—Amén. —La mujer se acurrucó contra él en la oscuridad—. ¿Qué te preocupa en concreto?
—Ese comentario de que se sentía como una mutante. ¿Crees que hablaba en serio?
—Claro que sí. —En el momento de decirlo, Joanna soltó una risilla—. Vamos, Bill. Kelly sólo pretendía sobresaltarte. Y parece que lo ha conseguido.
—Es que no parece feliz, y eso me preocupa.
—No creo que sea más desdichada de lo que yo, o tú mismo, nos sentíamos a su edad.

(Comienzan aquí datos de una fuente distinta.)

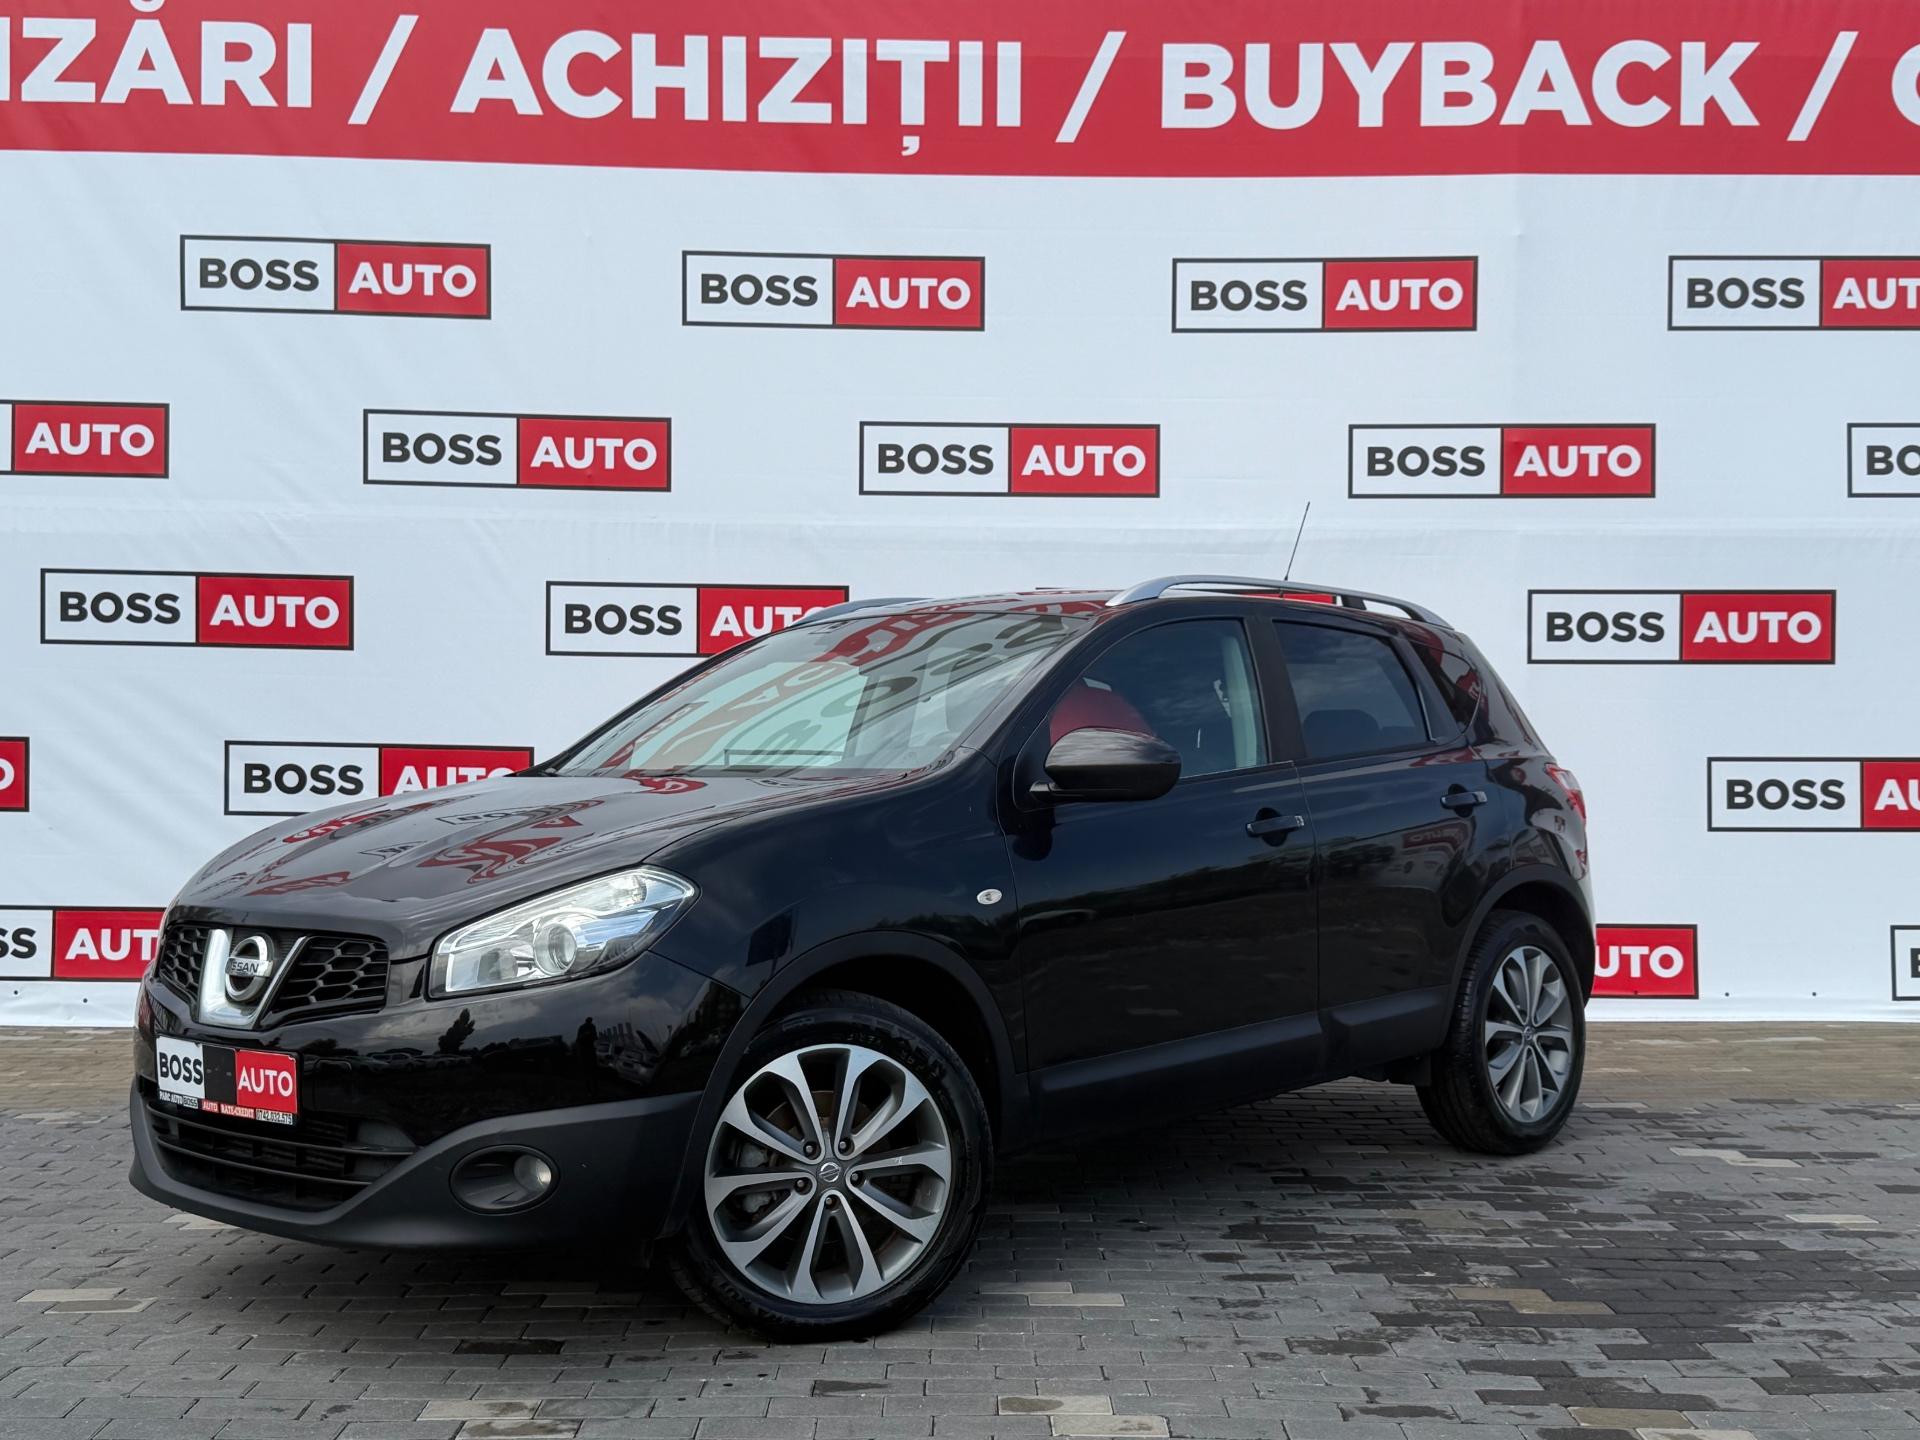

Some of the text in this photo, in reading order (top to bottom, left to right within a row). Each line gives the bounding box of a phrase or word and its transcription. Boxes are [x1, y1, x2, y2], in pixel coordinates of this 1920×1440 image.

[348, 15, 419, 124] /
[450, 28, 1021, 155] ACHIZIȚII
[1056, 31, 1126, 142] /
[1162, 40, 1760, 129] BUYBACK
[1787, 31, 1858, 141] /
[200, 258, 476, 297] BOSS AUTO
[702, 274, 970, 309] BOSS AUTO
[1688, 278, 1920, 309] BOSS AUT
[1191, 278, 1463, 311] BOSS AUTO
[26, 423, 154, 456] AUTO
[383, 432, 656, 470] BOSS AUTO
[879, 444, 1145, 476] BOSS AUTO
[1368, 445, 1641, 477] BOSS AUTO
[1867, 445, 1920, 475] BO
[60, 592, 339, 628] BOSS AUTO
[565, 604, 825, 637] BOSS AUT
[1547, 612, 1821, 643] BOSS AUTO
[244, 763, 514, 796] BOSS AUT
[1727, 779, 1845, 810] BOSS
[159, 1052, 294, 1097] BOSS AUTO

—No será porque la privemos de nada.
—Tienes que dejar de preocuparte por eso, Bill. Eres un padre estupendo. Sólo debes relajarte un poco con el asunto de ese muchacho mutante. Creo que tu actitud le proporciona a nuestra hija un motivo contra el que rebelarse. Estoy segura de que, con el tiempo, se le pasará la fascinación que siente por él. Ten paciencia.

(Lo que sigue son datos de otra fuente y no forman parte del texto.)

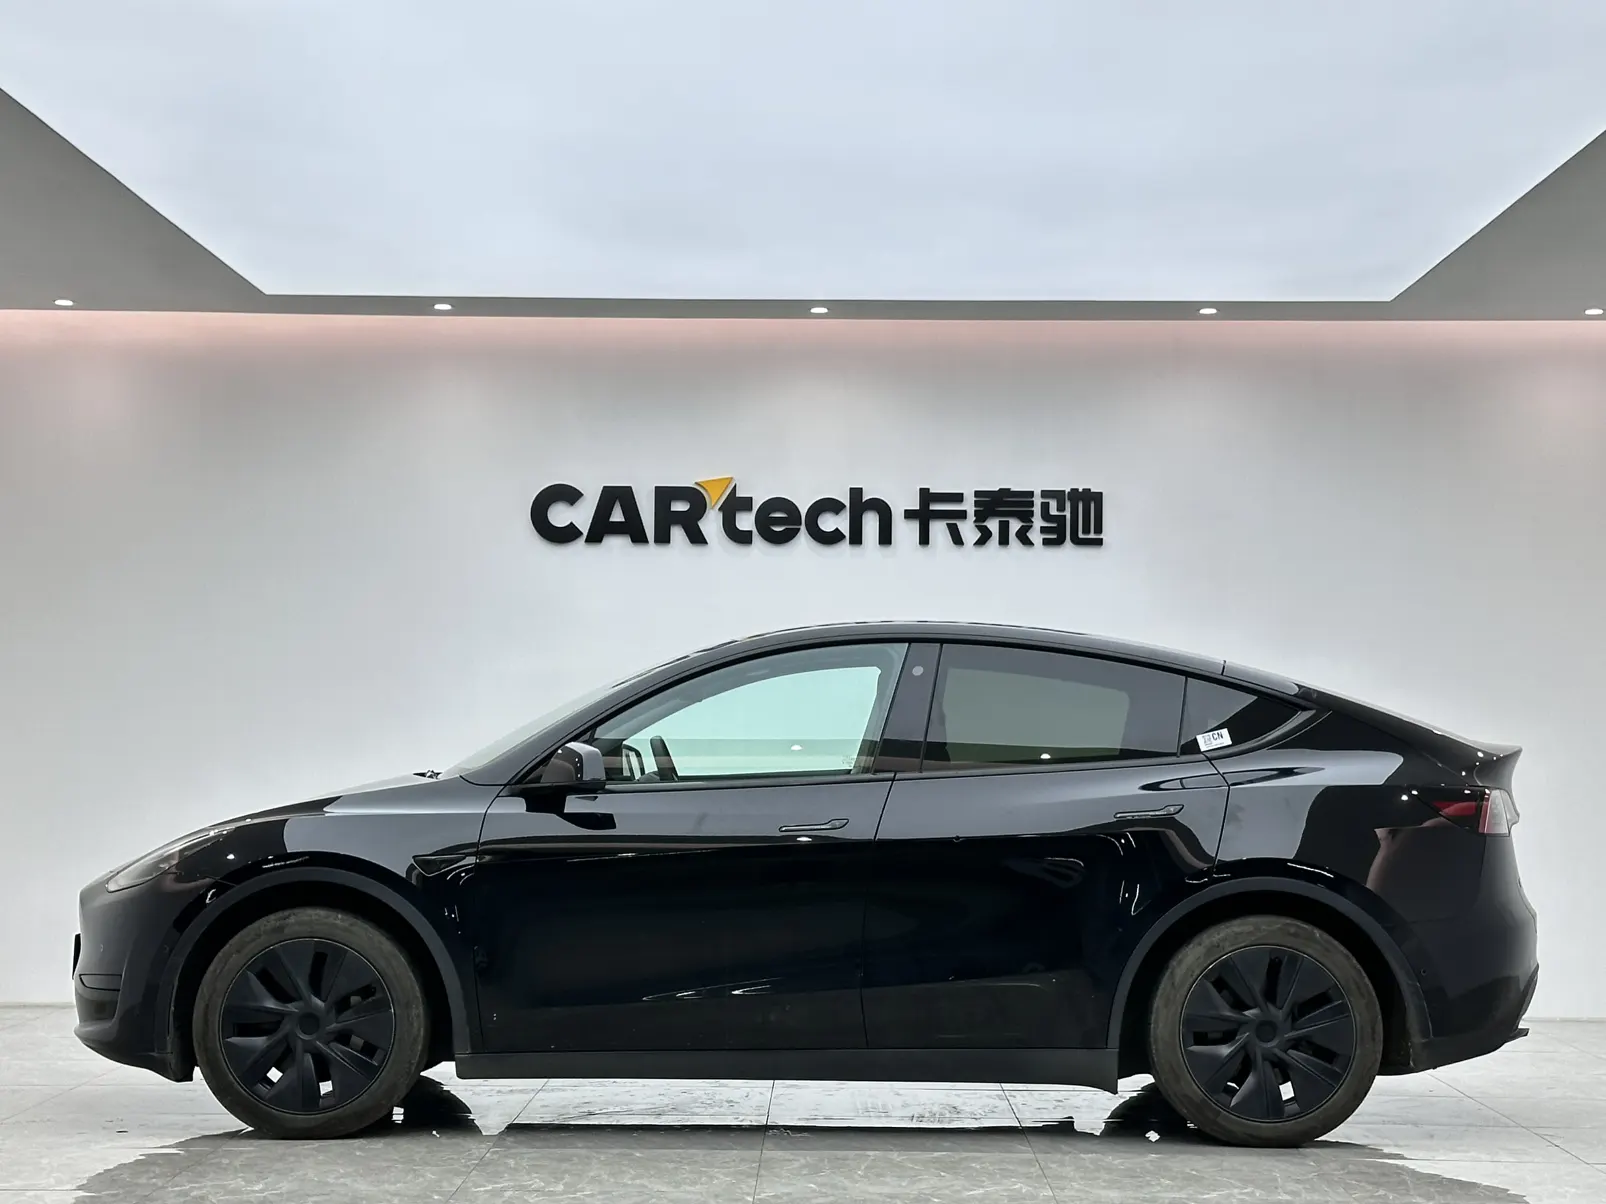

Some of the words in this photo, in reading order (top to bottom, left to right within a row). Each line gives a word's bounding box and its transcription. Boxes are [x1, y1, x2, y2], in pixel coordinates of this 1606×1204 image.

[530, 483, 893, 546] CARtech
[904, 487, 1104, 547] 卡泰驰
[1211, 731, 1224, 741] CN

—Esa es tu especialidad, no la mía.
—Bien, tengo una idea que seguramente te hará olvidar por completo esa impaciencia…
Joanna empezó a besarle la nuca, rodó sobre él para frotarse contra su pecho y, a continuación, se movió lentamente más abajo.
—¿Por qué tengo la impresión de que me estás tratando como si fuera un objeto sexual?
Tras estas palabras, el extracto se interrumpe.